**Task:** An exact transcription of all the entries is needed; pictures stay out.

══ Data excerpts ══

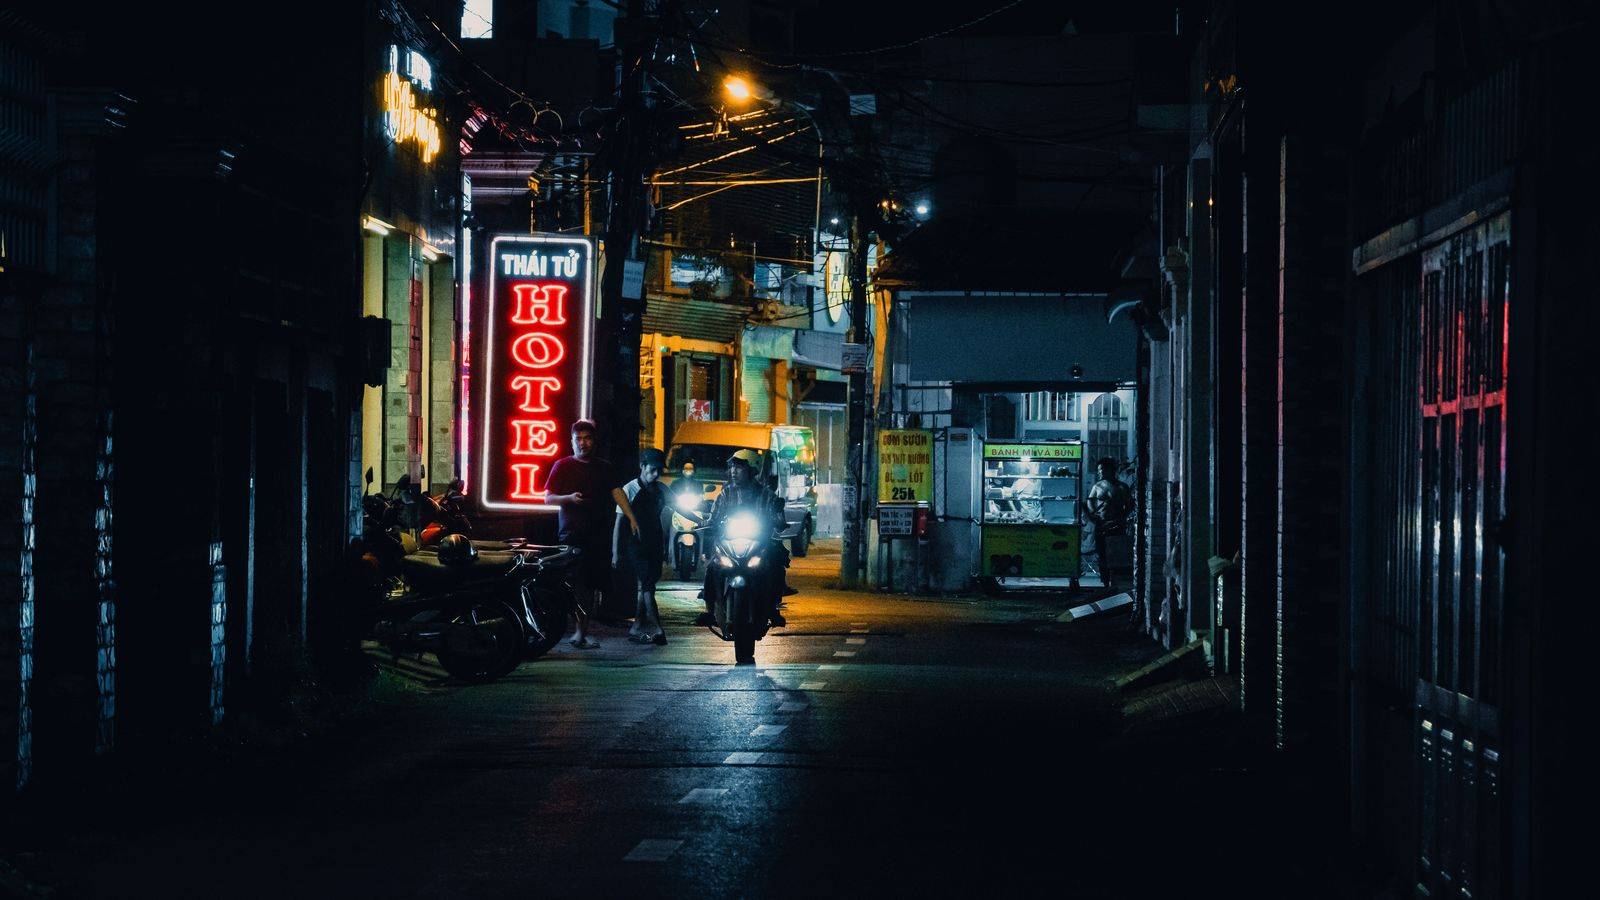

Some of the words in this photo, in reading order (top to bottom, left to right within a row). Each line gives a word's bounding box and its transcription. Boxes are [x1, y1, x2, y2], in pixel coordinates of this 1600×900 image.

[501, 250, 547, 276] THÁI
[551, 249, 580, 278] TỬ
[511, 284, 568, 499] HOTEL
[991, 446, 1019, 456] BÁNH
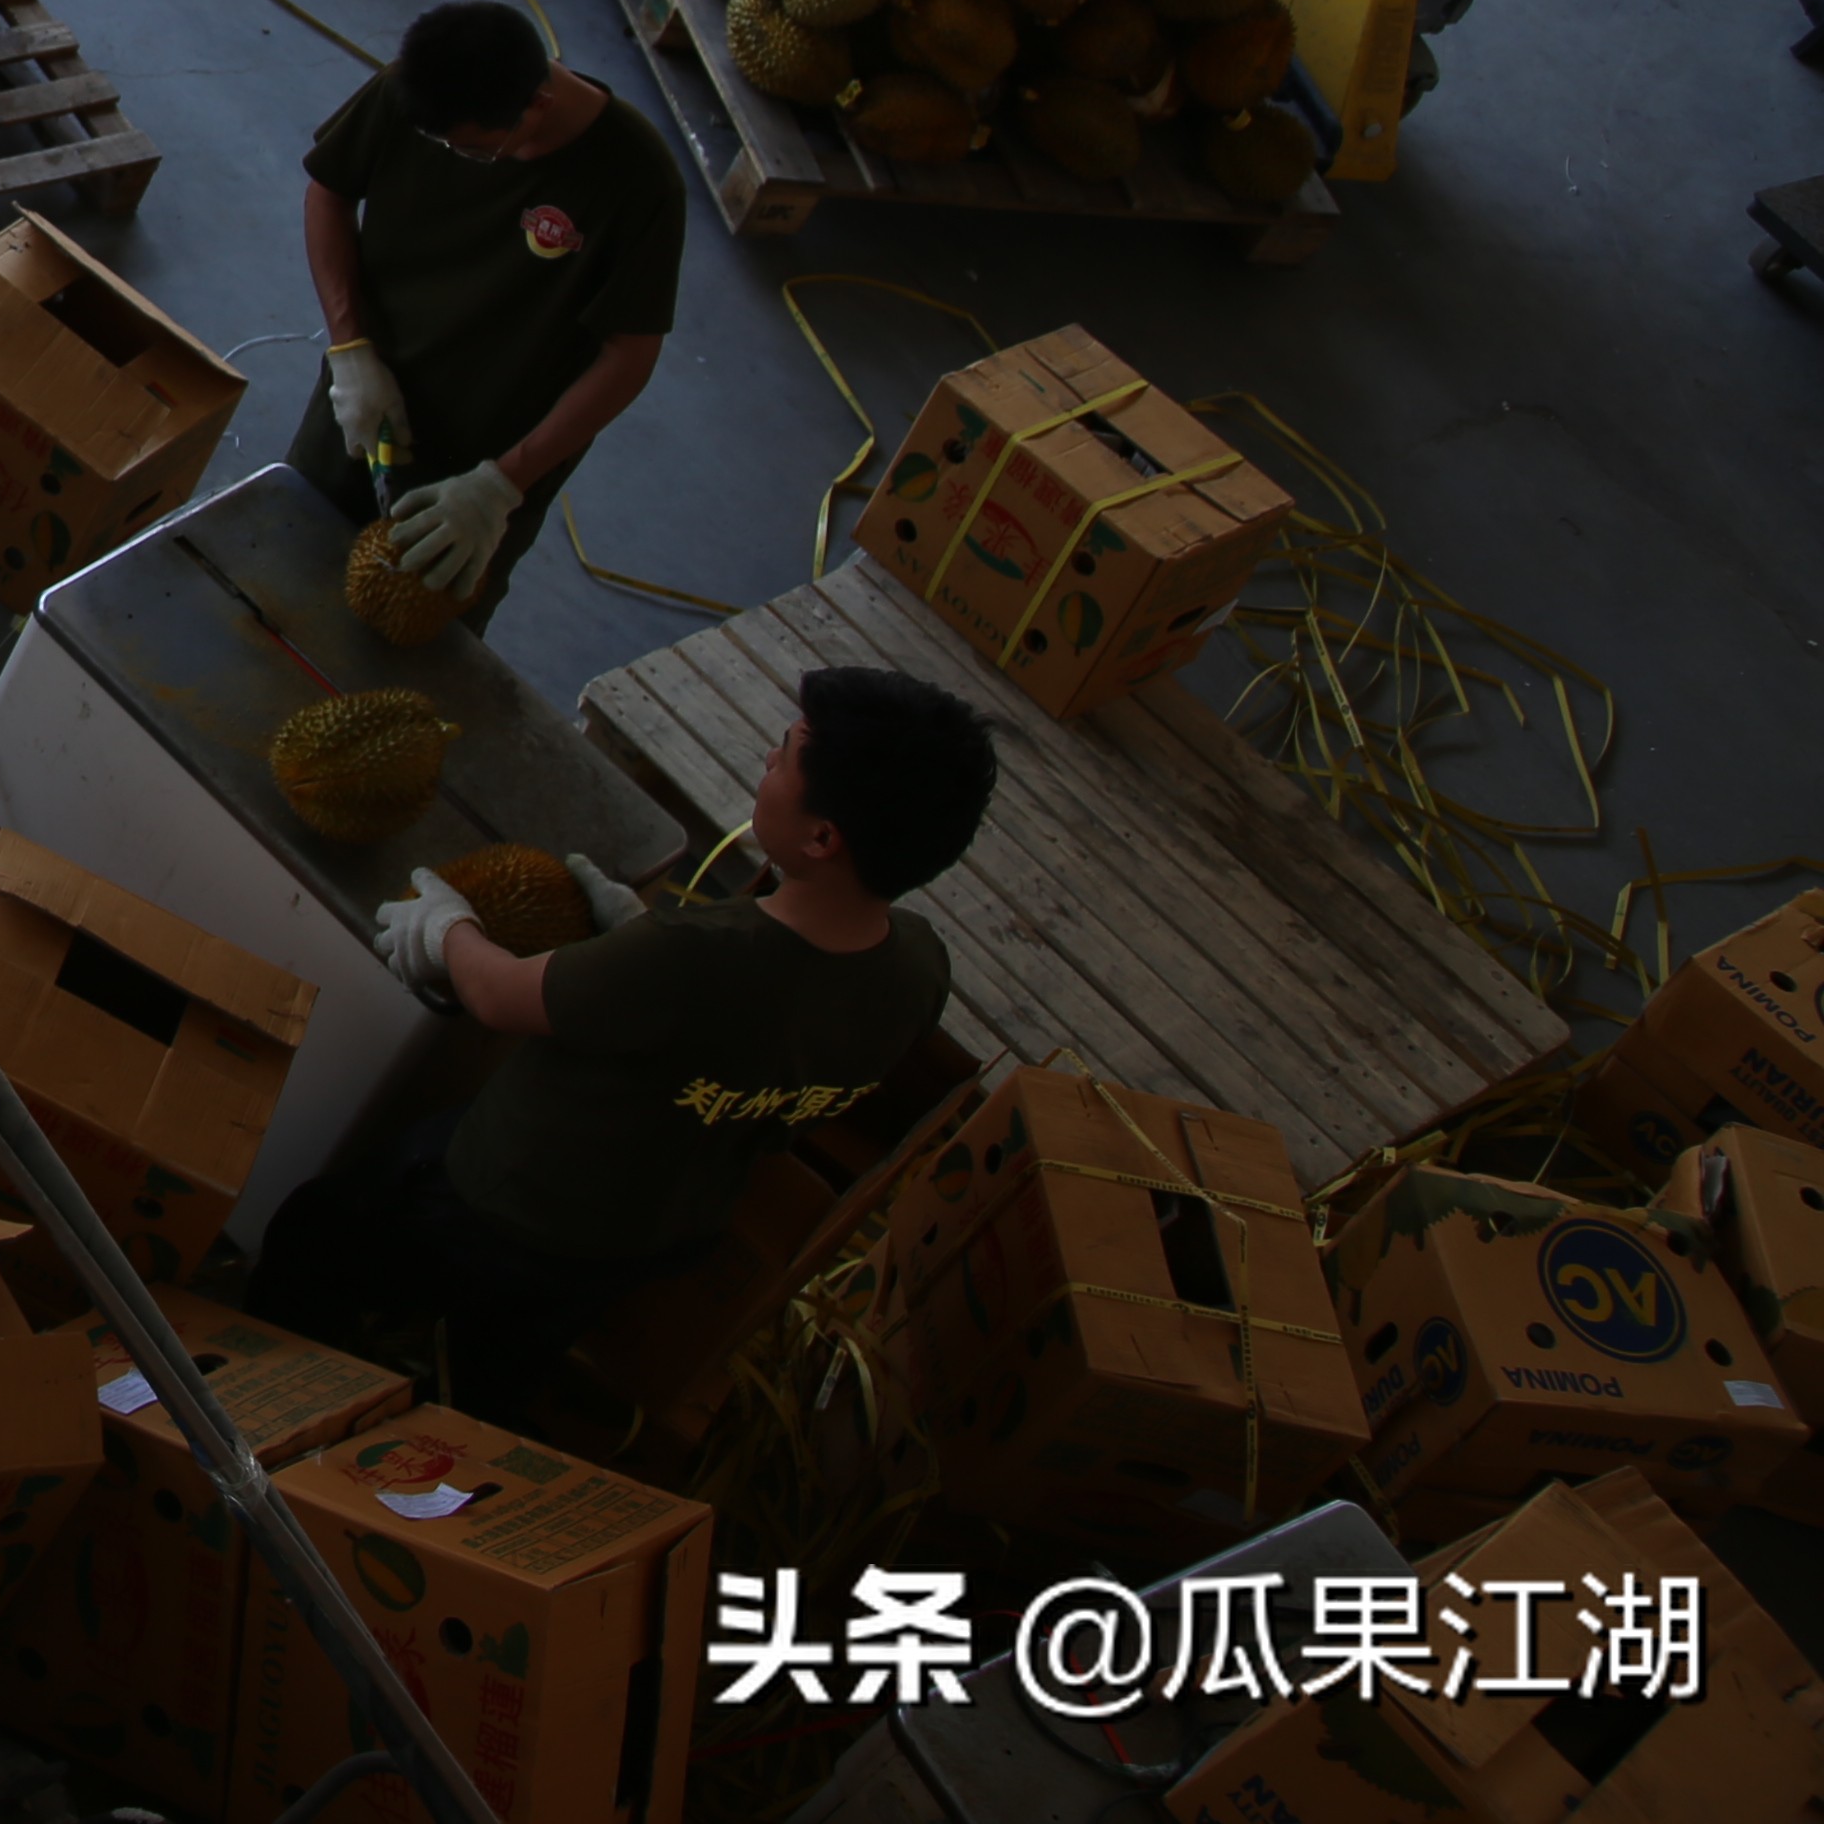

═══

**Solution:**
Some of the words in this photo, in reading order (top to bottom, left to right within a row). Each line gives a word's bounding box and its transcription. Boxes are [x1, y1, x2, y2], in pixel coordinates of this 1600×900 image.

[501, 250, 547, 276] THÁI
[551, 249, 580, 278] TỬ
[511, 284, 568, 499] HOTEL
[991, 446, 1019, 456] BÁNH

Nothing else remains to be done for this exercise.